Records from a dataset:

[Start of section]

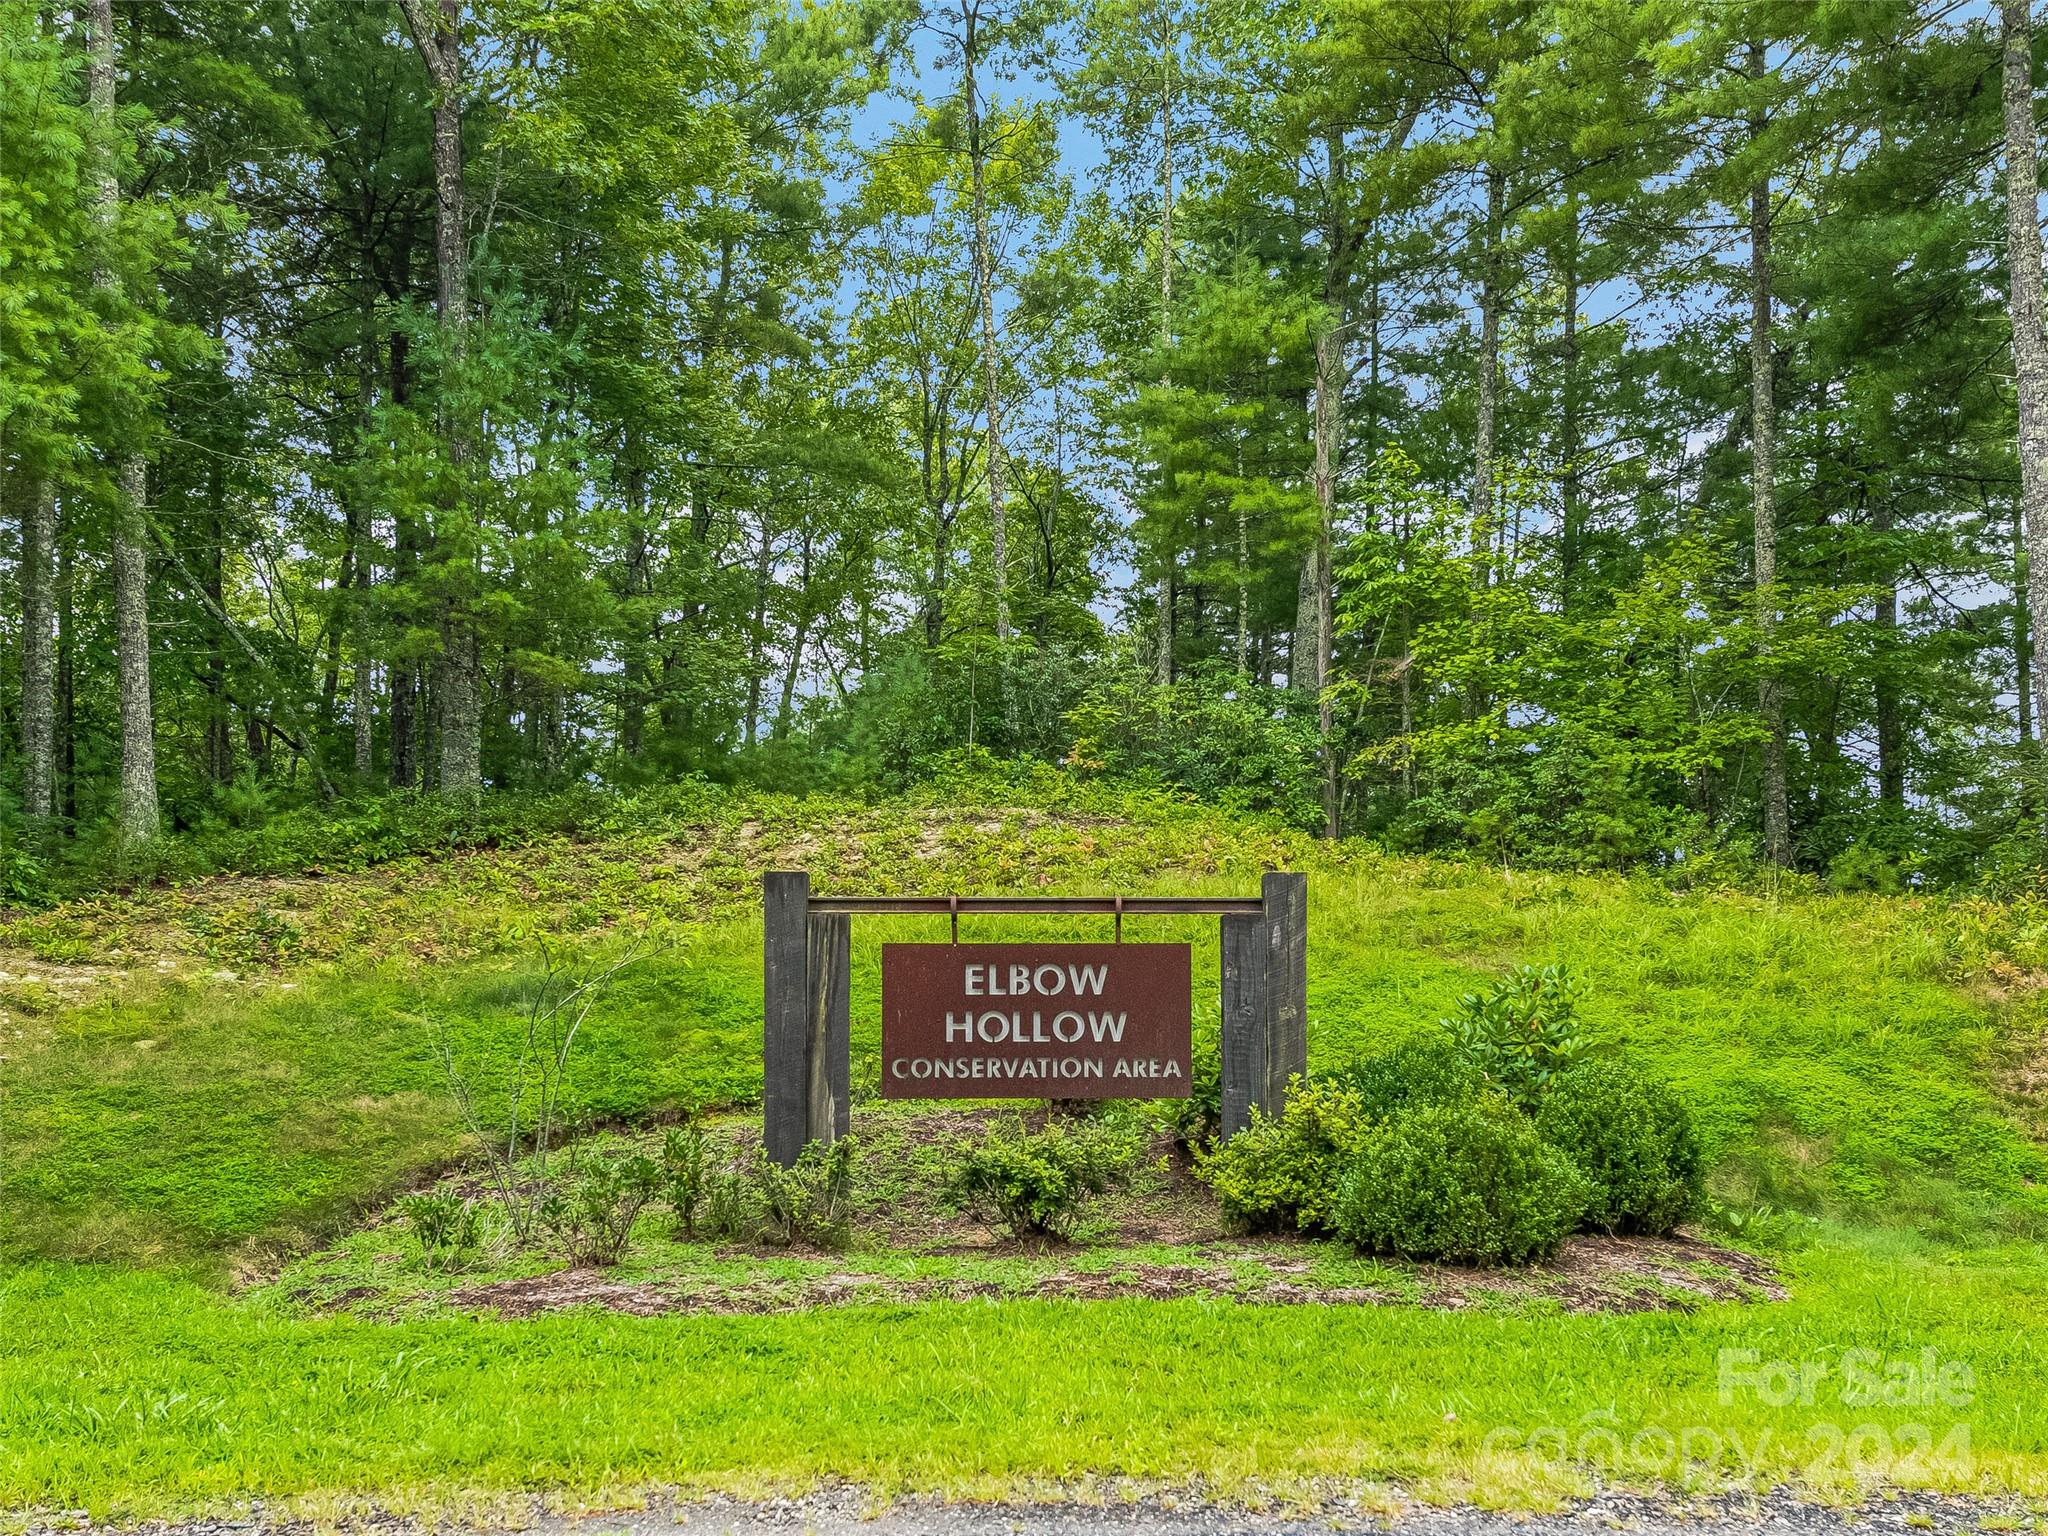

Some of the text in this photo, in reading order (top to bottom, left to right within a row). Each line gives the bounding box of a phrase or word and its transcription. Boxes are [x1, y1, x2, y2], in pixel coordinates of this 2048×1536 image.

[964, 963, 1109, 996] ELBOW
[945, 1010, 1128, 1043] HOLLOW
[891, 1056, 1183, 1079] CONSERVATION AREA
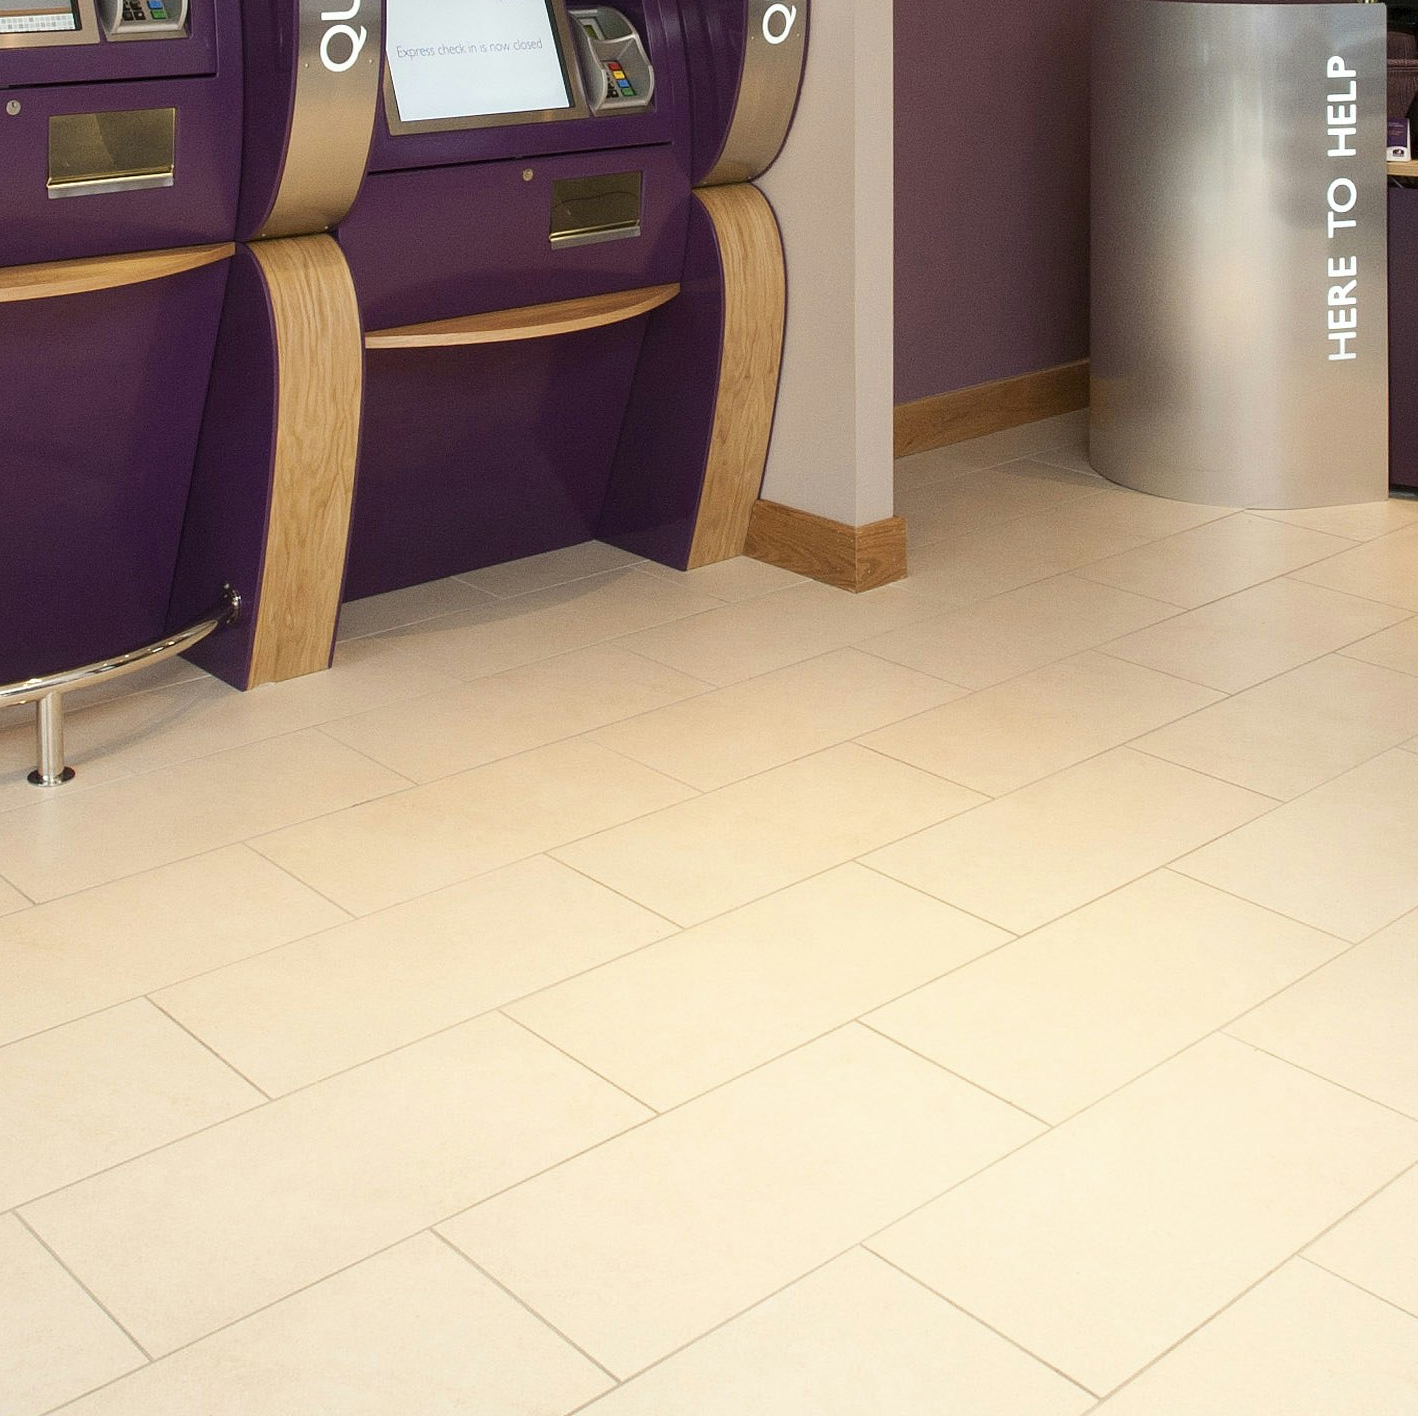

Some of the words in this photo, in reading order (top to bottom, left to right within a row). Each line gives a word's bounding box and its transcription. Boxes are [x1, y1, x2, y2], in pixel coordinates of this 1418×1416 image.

[396, 45, 435, 60] Express
[438, 40, 466, 55] check
[468, 43, 478, 54] in
[480, 42, 487, 53] is
[489, 42, 511, 52] now
[513, 38, 543, 51] closed
[1327, 55, 1357, 157] HELP
[1327, 177, 1357, 239] TO
[1327, 255, 1357, 361] HERE

[End of section]

Exercise description: Skipping the pictures, transcribe each line above exactly as it appears.

Answer below:
Some of the text in this photo, in reading order (top to bottom, left to right within a row). Each line gives the bounding box of a phrase or word and its transcription. Boxes are [x1, y1, x2, y2], in pixel coordinates of this 2048×1536 image.

[964, 963, 1109, 996] ELBOW
[945, 1010, 1128, 1043] HOLLOW
[891, 1056, 1183, 1079] CONSERVATION AREA

Some of the words in this photo, in reading order (top to bottom, left to right within a row). Each line gives a word's bounding box and its transcription. Boxes are [x1, y1, x2, y2], in pixel coordinates of this 1418×1416 image.

[396, 45, 435, 60] Express
[438, 40, 466, 55] check
[468, 43, 478, 54] in
[480, 42, 487, 53] is
[489, 42, 511, 52] now
[513, 38, 543, 51] closed
[1327, 55, 1357, 157] HELP
[1327, 177, 1357, 239] TO
[1327, 255, 1357, 361] HERE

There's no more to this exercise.